THE TASK: Give the entries below again exactly. Their pictures are not needed.

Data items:
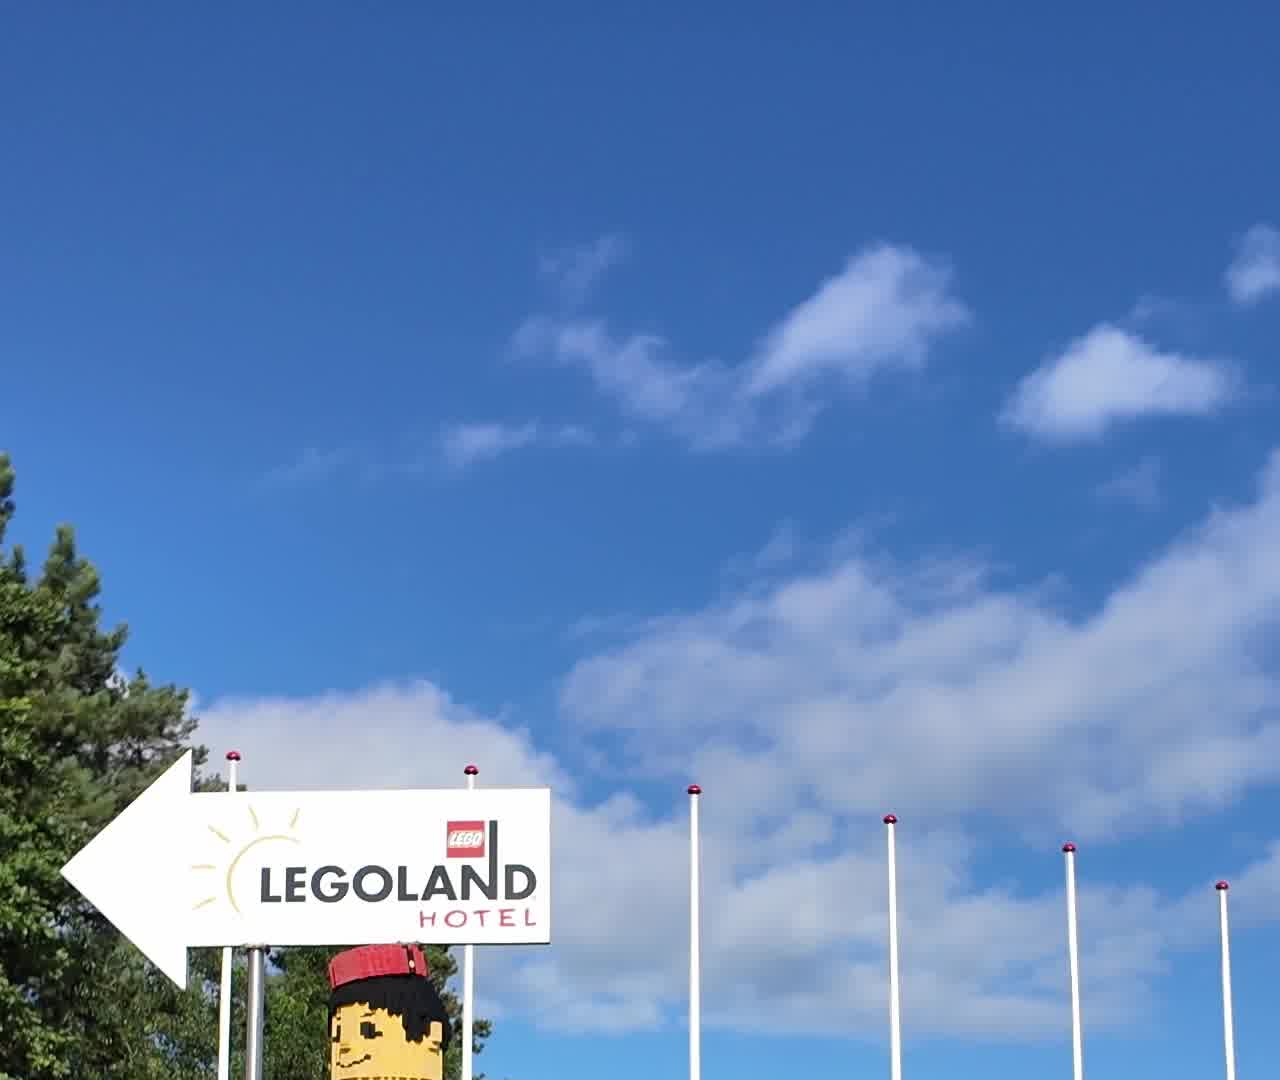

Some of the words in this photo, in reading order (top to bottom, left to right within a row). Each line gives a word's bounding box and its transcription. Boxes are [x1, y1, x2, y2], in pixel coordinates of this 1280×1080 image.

[447, 830, 485, 849] LEGO
[260, 820, 536, 903] LEGOLAND
[419, 908, 537, 928] HOTEL
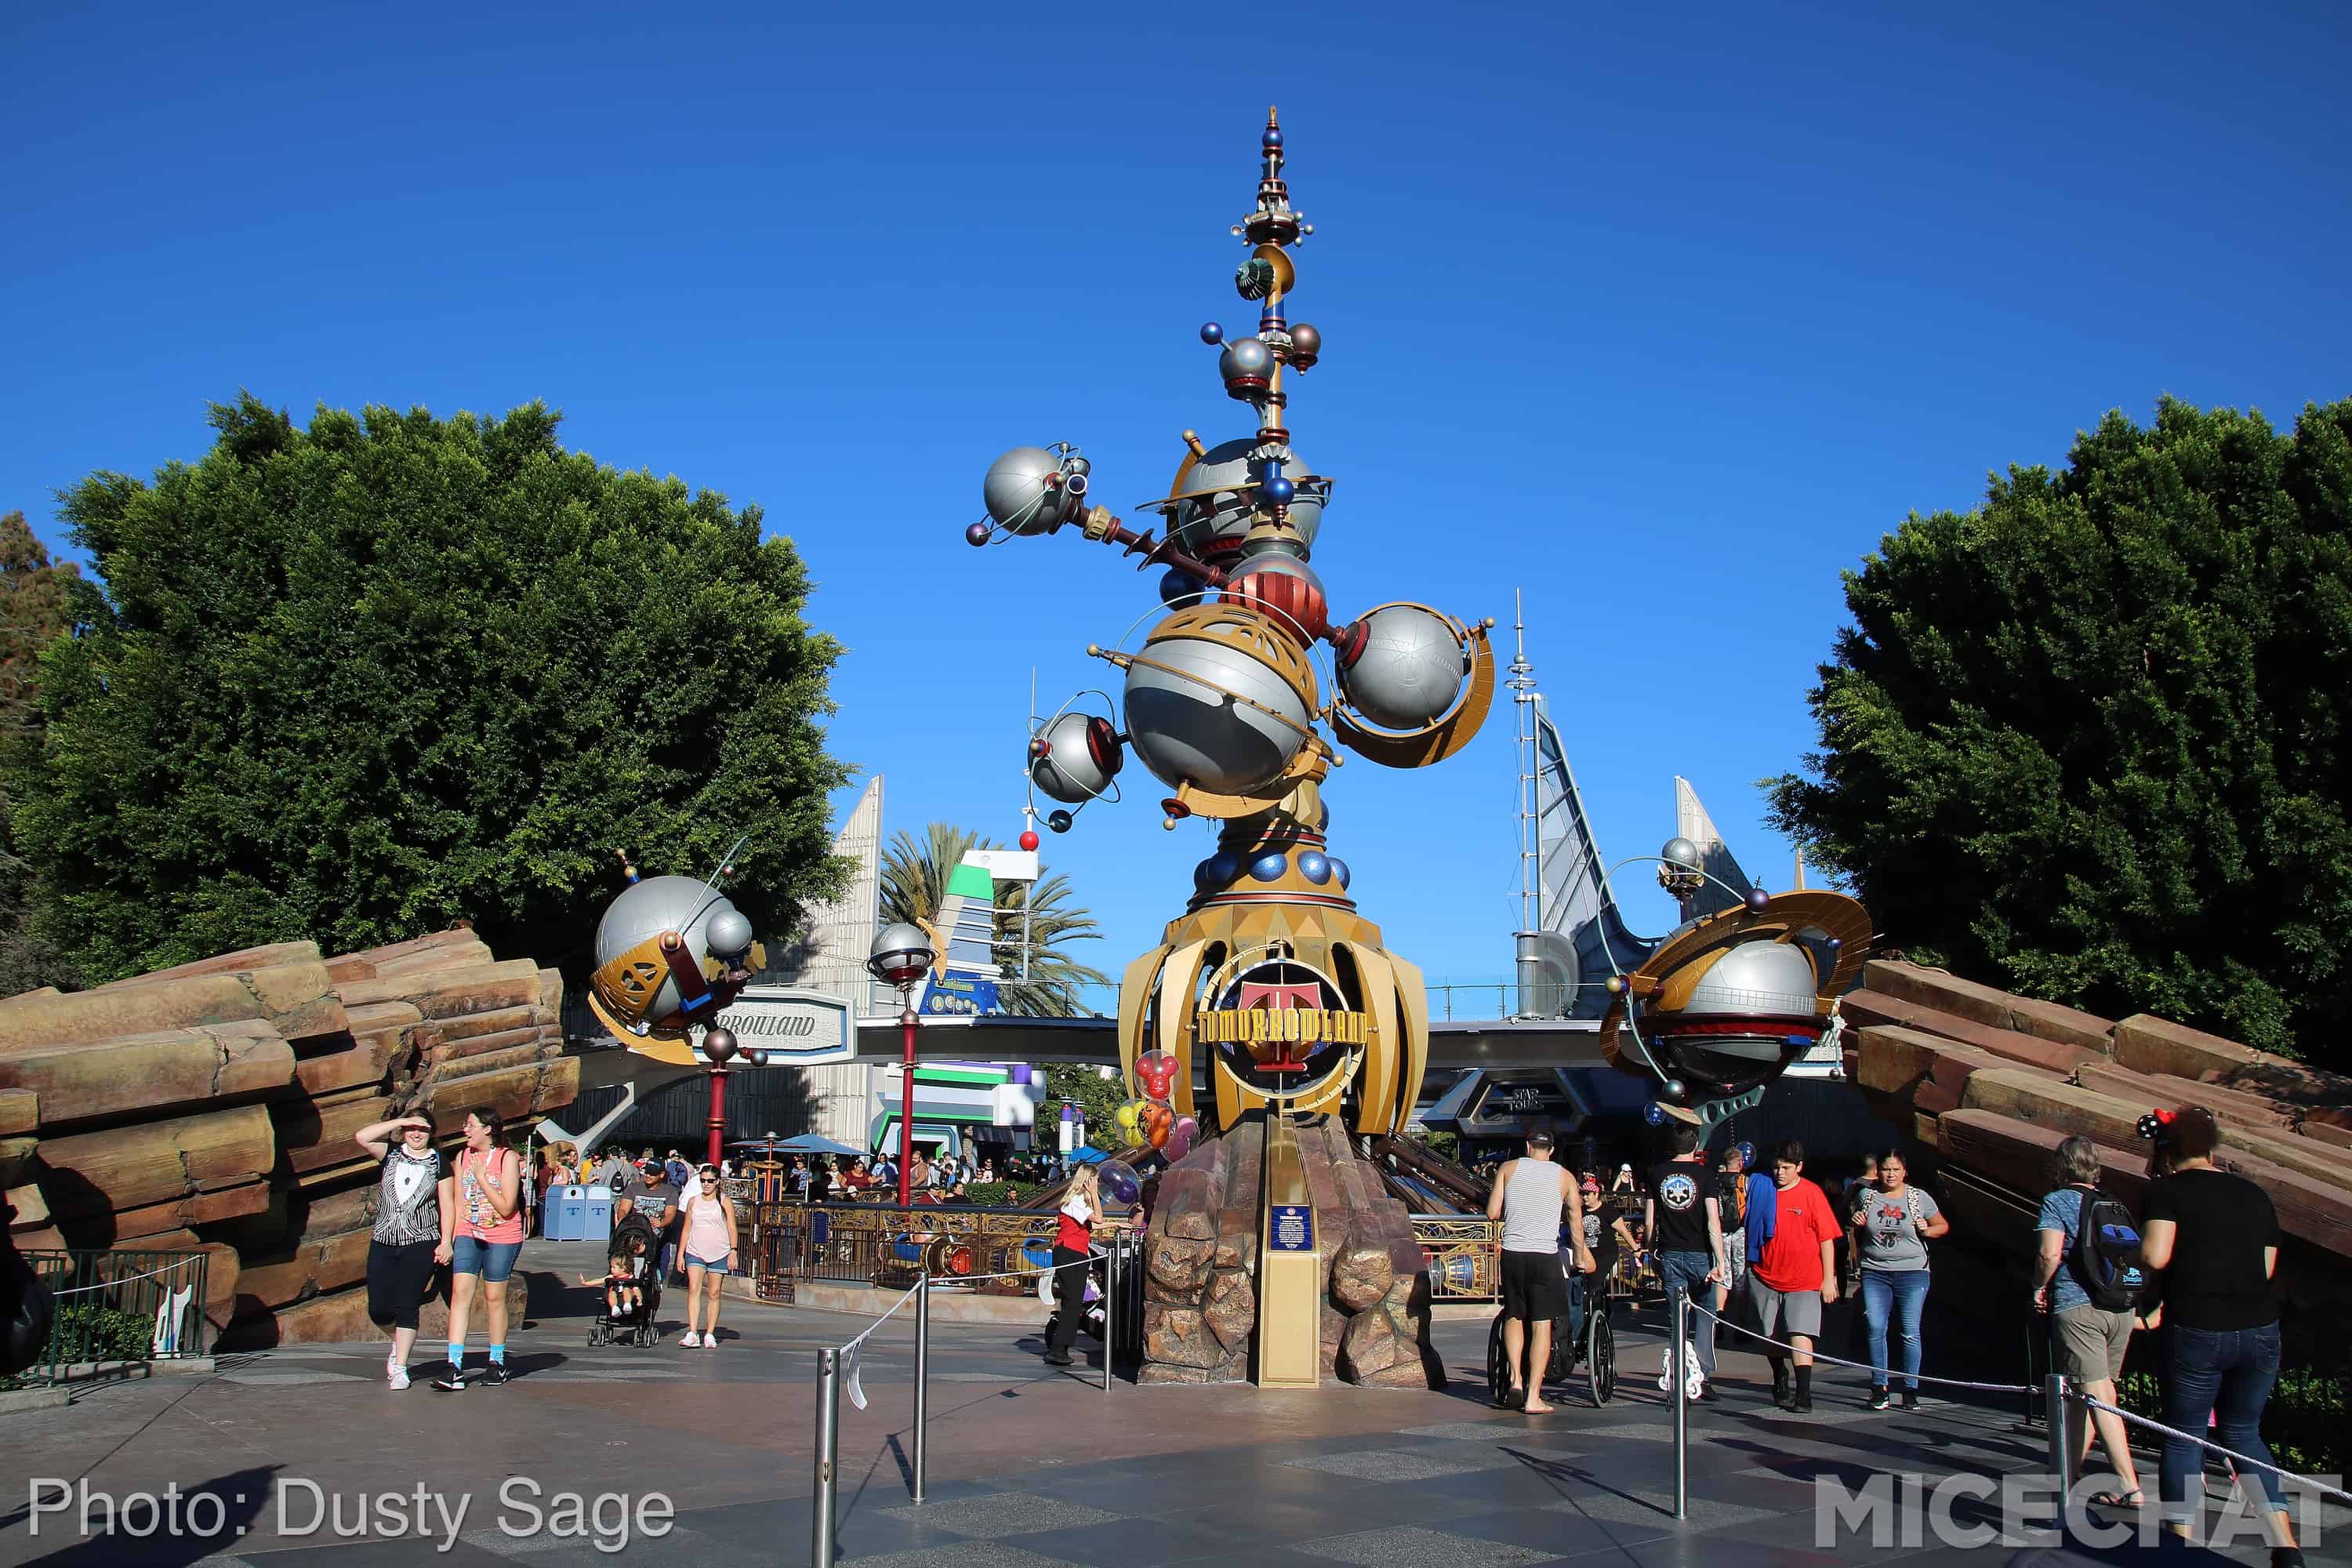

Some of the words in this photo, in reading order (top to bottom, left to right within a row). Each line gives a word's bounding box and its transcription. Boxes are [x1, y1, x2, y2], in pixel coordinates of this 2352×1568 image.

[1197, 1008, 1367, 1044] TOMORROWLAND
[566, 1207, 580, 1215] T
[591, 1207, 605, 1215] T

EXERCISE RESPONSE:
Some of the words in this photo, in reading order (top to bottom, left to right within a row). Each line gives a word's bounding box and its transcription. Boxes are [x1, y1, x2, y2], in pixel coordinates of this 1280×1080 image.

[447, 830, 485, 849] LEGO
[260, 820, 536, 903] LEGOLAND
[419, 908, 537, 928] HOTEL

Some of the words in this photo, in reading order (top to bottom, left to right within a row). Each line gives a word's bounding box and its transcription. Boxes are [x1, y1, x2, y2], in pixel coordinates of this 2352×1568 image.

[1197, 1008, 1367, 1044] TOMORROWLAND
[566, 1207, 580, 1215] T
[591, 1207, 605, 1215] T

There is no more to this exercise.